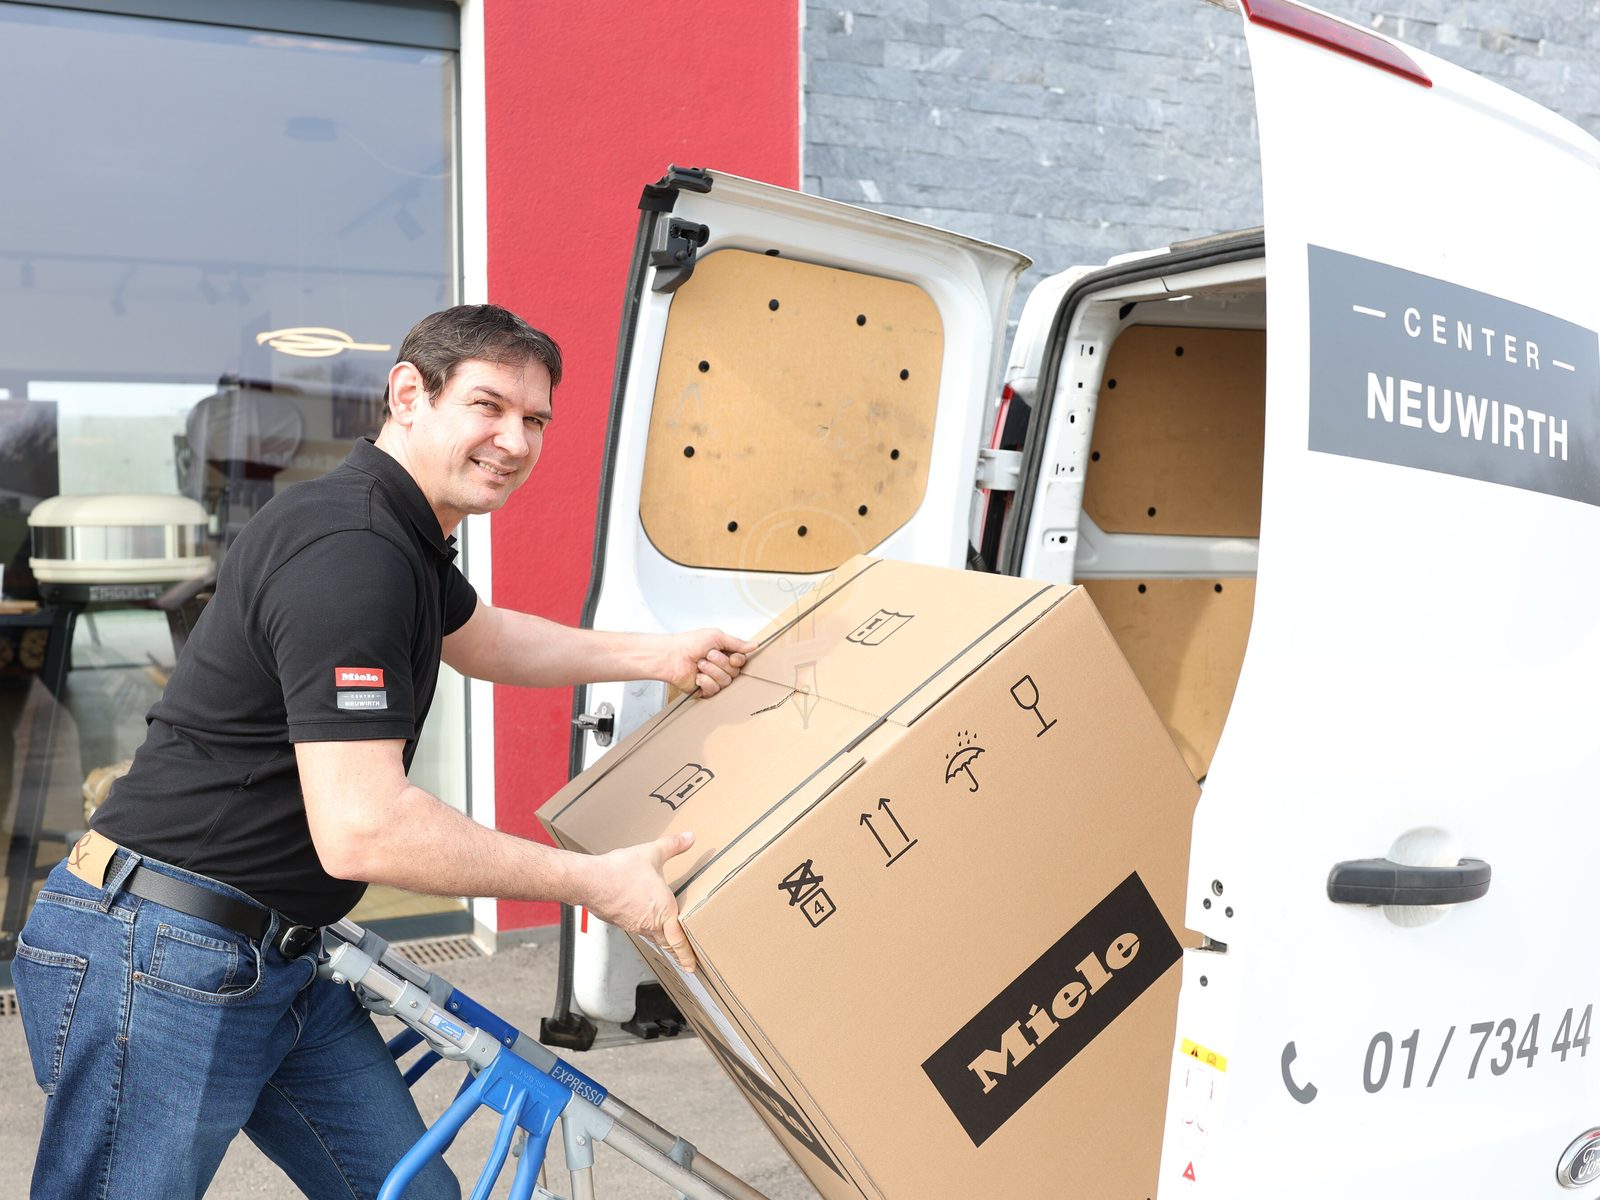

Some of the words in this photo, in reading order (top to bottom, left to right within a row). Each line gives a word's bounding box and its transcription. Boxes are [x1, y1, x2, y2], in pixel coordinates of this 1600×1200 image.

[1404, 307, 1540, 370] CENTER
[1367, 372, 1568, 461] NEUWIRTH
[341, 672, 379, 682] Miele
[814, 900, 825, 914] 4
[967, 932, 1140, 1094] Miele
[1362, 1029, 1420, 1094] 01
[1467, 1012, 1541, 1080] 734
[1551, 1003, 1594, 1063] 44
[551, 1065, 604, 1106] EXPRESSO
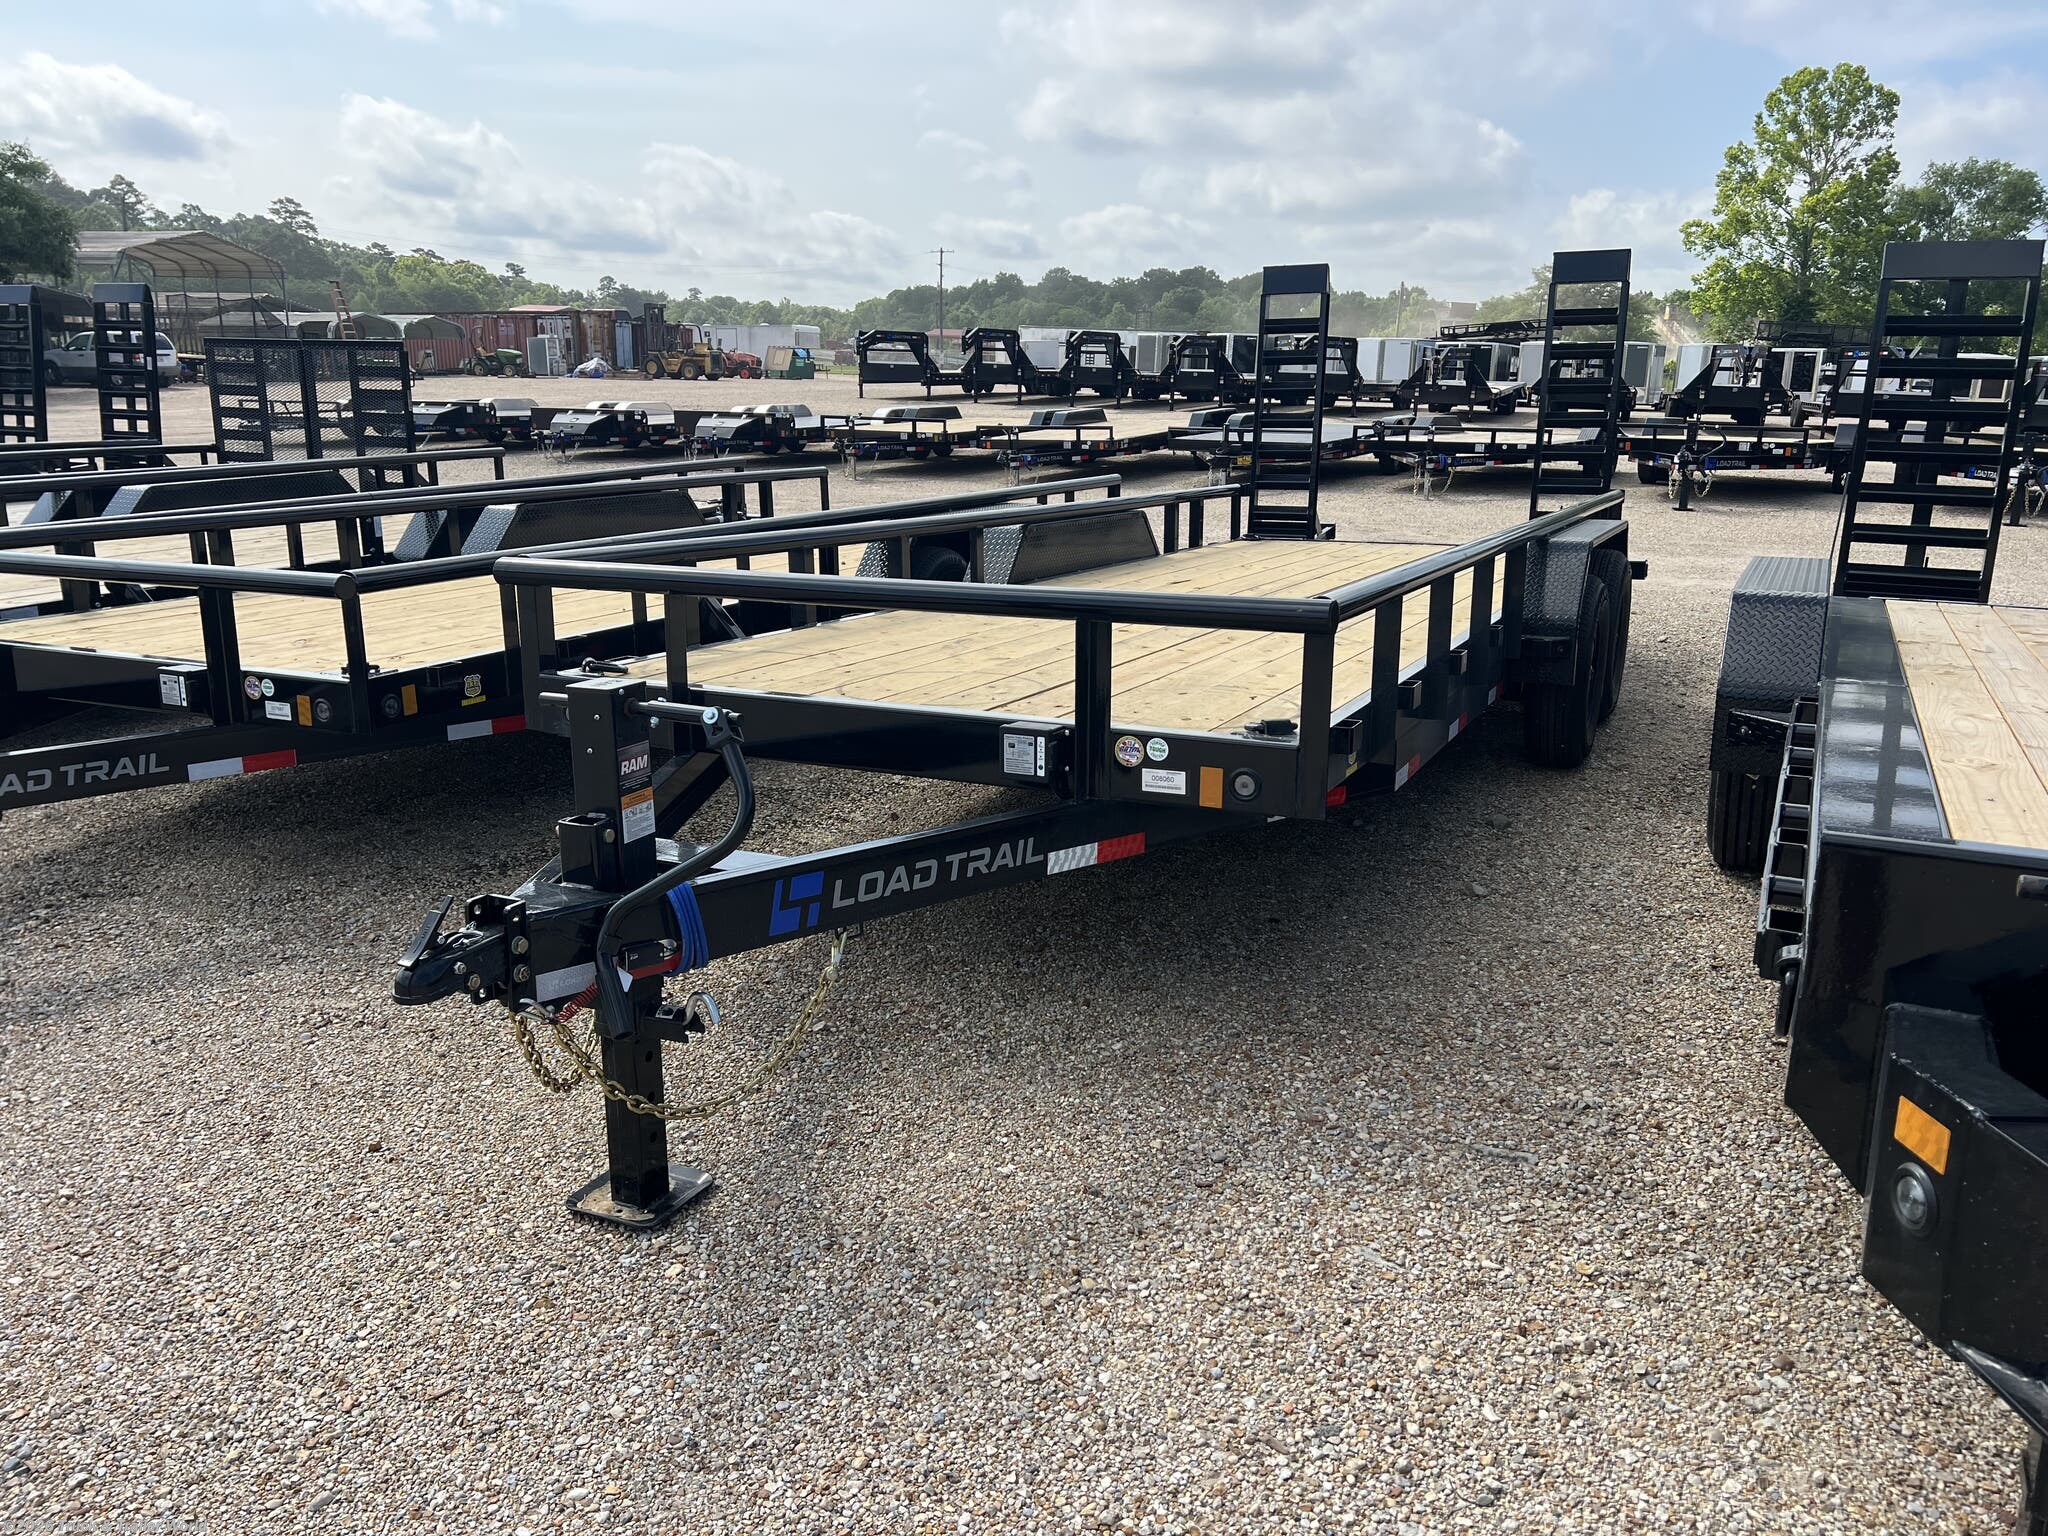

_Exercise prompt_
Write down all the entries exactly, but not the pictures they hold.

_Solved exercise_
Some of the words in this photo, in reading order (top to bottom, left to right within a row). Each line gives a word's bounding box and its transcription. Boxes are [x1, y1, x2, y2], in pixel coordinates of this 1600×1200 image.

[1404, 307, 1540, 370] CENTER
[1367, 372, 1568, 461] NEUWIRTH
[341, 672, 379, 682] Miele
[814, 900, 825, 914] 4
[967, 932, 1140, 1094] Miele
[1362, 1029, 1420, 1094] 01
[1467, 1012, 1541, 1080] 734
[1551, 1003, 1594, 1063] 44
[551, 1065, 604, 1106] EXPRESSO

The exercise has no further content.